-- DIRECTIONS FOR THIS TASK --
This exercise asks for the entries to be repeated exactly, without their images.

● ● ●

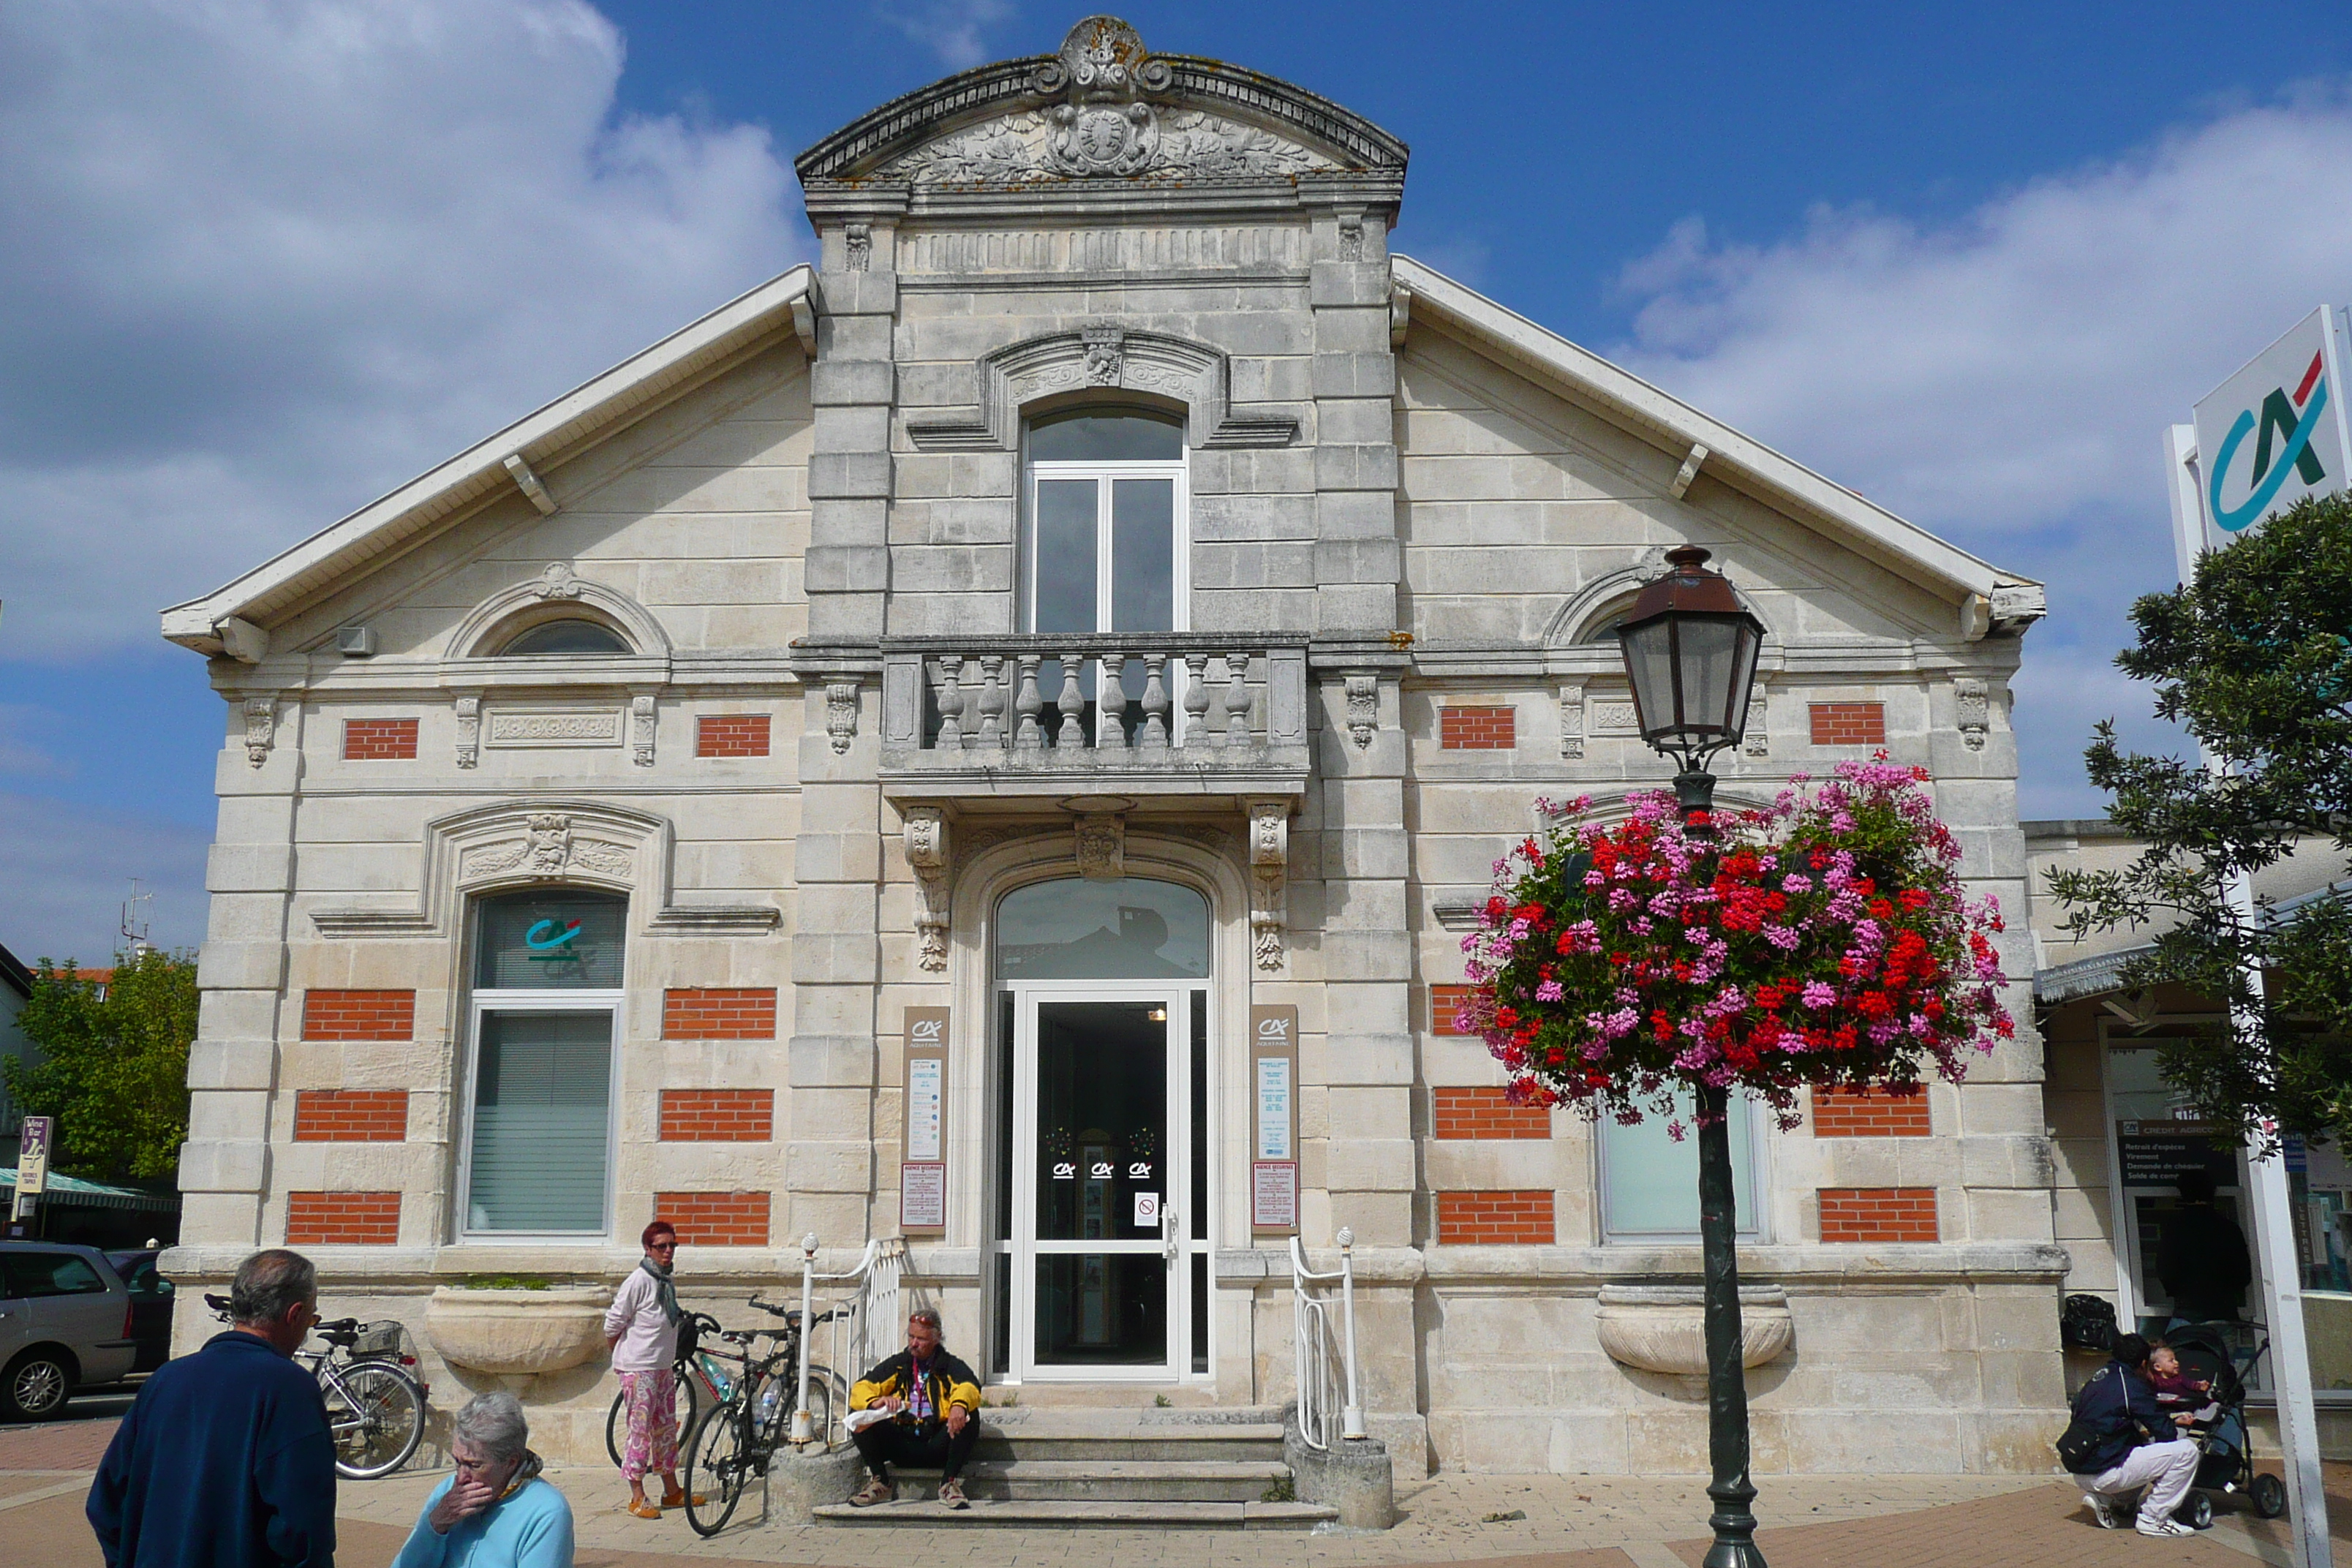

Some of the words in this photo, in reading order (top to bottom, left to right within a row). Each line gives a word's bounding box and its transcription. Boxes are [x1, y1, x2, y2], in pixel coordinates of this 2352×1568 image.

[1080, 109, 1124, 155] CHARLOTTE
[26, 1119, 44, 1128] Wine
[29, 1128, 42, 1137] Bar
[2299, 1205, 2311, 1262] LETTRES

● ● ●

-- ANSWER SECTION --
Some of the words in this photo, in reading order (top to bottom, left to right within a row). Each line gives a word's bounding box and its transcription. Boxes are [x1, y1, x2, y2], in pixel coordinates of this 2352×1568 image.

[1080, 109, 1124, 155] CHARLOTTE
[26, 1119, 44, 1128] Wine
[29, 1128, 42, 1137] Bar
[2299, 1205, 2311, 1262] LETTRES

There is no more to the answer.